**Given entries**

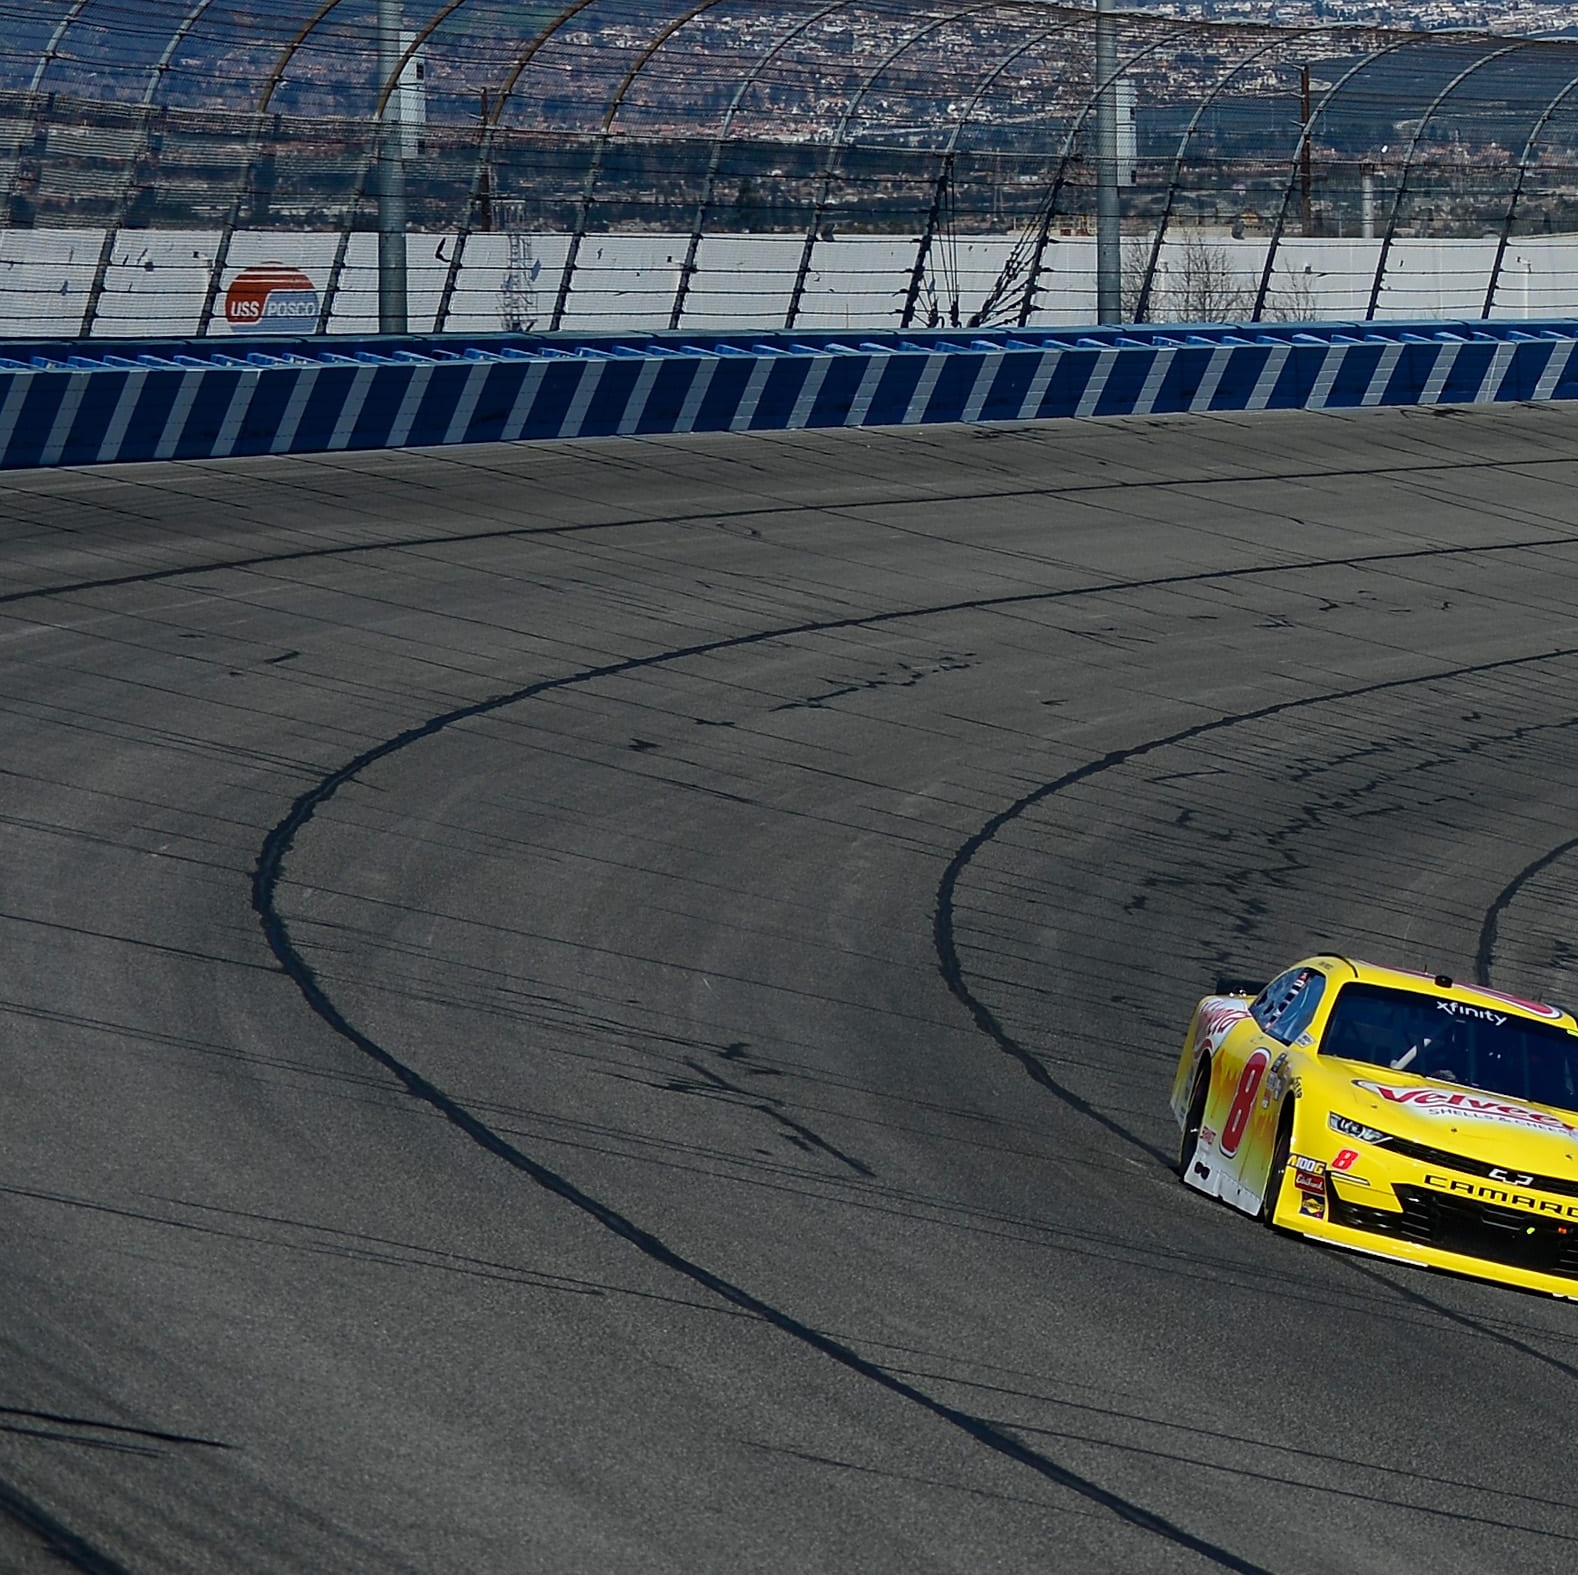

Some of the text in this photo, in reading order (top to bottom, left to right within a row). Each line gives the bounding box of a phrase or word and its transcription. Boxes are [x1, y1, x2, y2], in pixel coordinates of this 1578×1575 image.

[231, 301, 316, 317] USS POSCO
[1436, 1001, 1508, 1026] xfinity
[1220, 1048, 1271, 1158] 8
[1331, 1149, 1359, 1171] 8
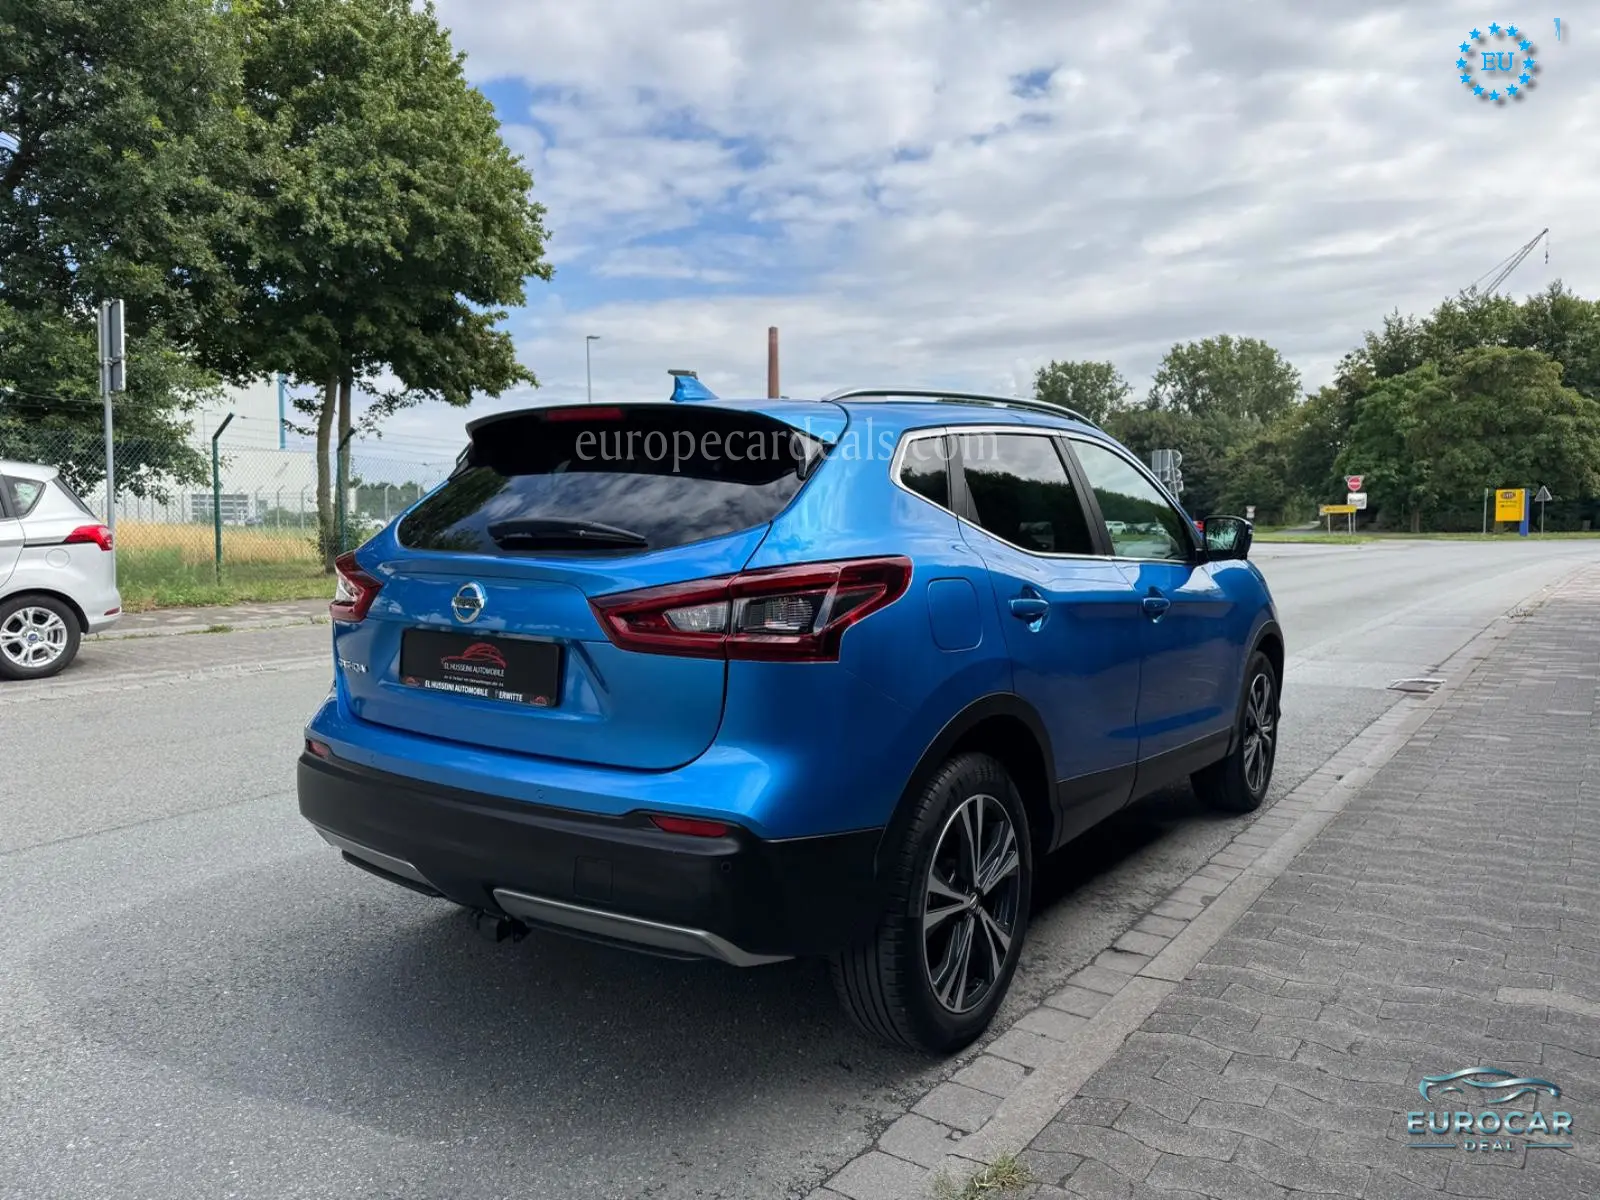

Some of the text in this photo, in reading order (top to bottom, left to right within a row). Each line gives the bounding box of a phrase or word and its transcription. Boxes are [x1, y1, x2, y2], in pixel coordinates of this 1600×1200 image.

* * *

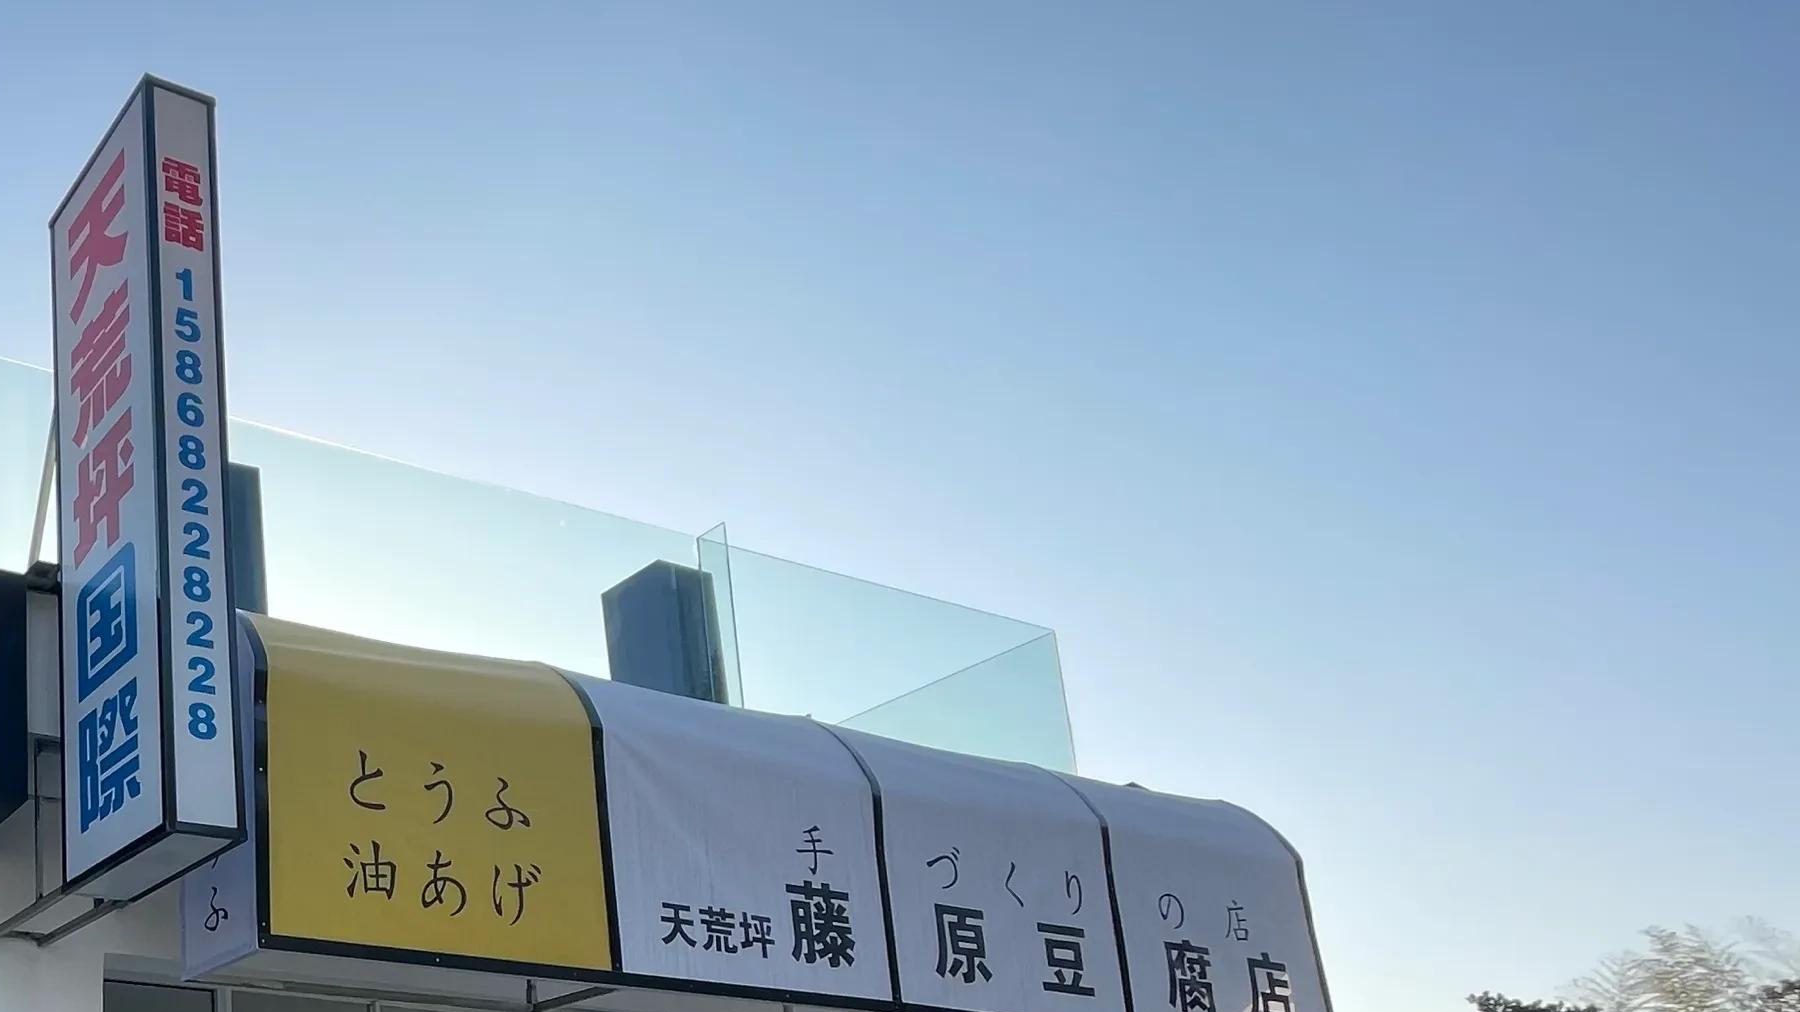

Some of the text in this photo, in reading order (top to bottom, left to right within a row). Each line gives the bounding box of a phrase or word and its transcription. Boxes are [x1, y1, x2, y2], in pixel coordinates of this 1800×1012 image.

...

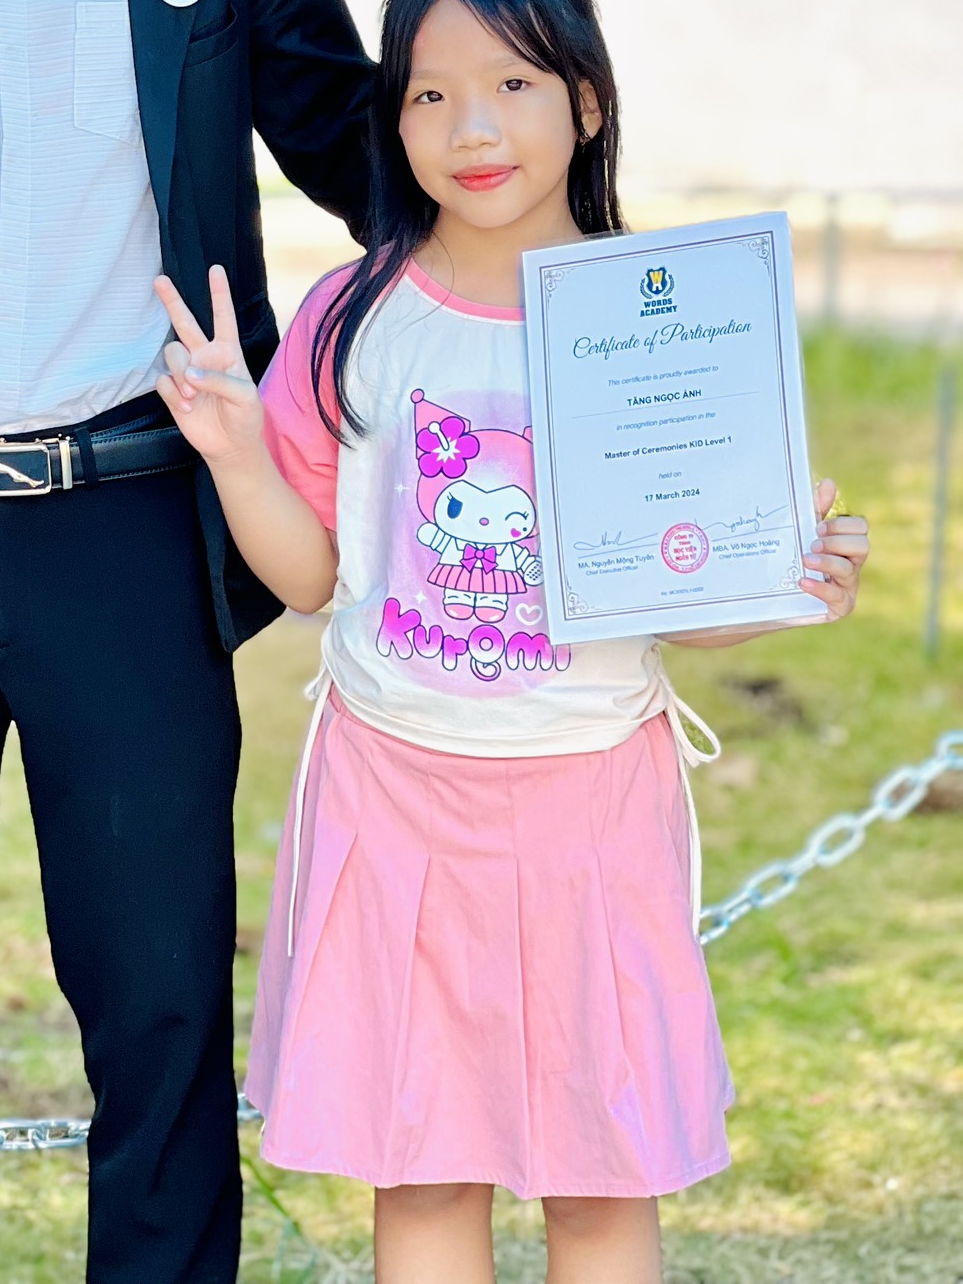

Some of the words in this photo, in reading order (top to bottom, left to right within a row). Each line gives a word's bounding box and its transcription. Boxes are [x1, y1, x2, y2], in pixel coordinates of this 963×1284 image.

**Your goal**
If a picture sits between the line containing "this 1578×1575 image." and the line containing "this 1600×1200 image.", leave it out, and return the lines of that range above exactly, both ends included.

**Expected answer**
Some of the text in this photo, in reading order (top to bottom, left to right within a row). Each line gives the bounding box of a phrase or word and its transcription. Boxes are [x1, y1, x2, y2], in pixel coordinates of this 1578×1575 image.

[231, 301, 316, 317] USS POSCO
[1436, 1001, 1508, 1026] xfinity
[1220, 1048, 1271, 1158] 8
[1331, 1149, 1359, 1171] 8

Some of the text in this photo, in reading order (top to bottom, left to right within a row). Each line gives the bounding box of a phrase or word and its transcription. Boxes are [x1, y1, x2, y2], in pixel coordinates of this 1600×1200 image.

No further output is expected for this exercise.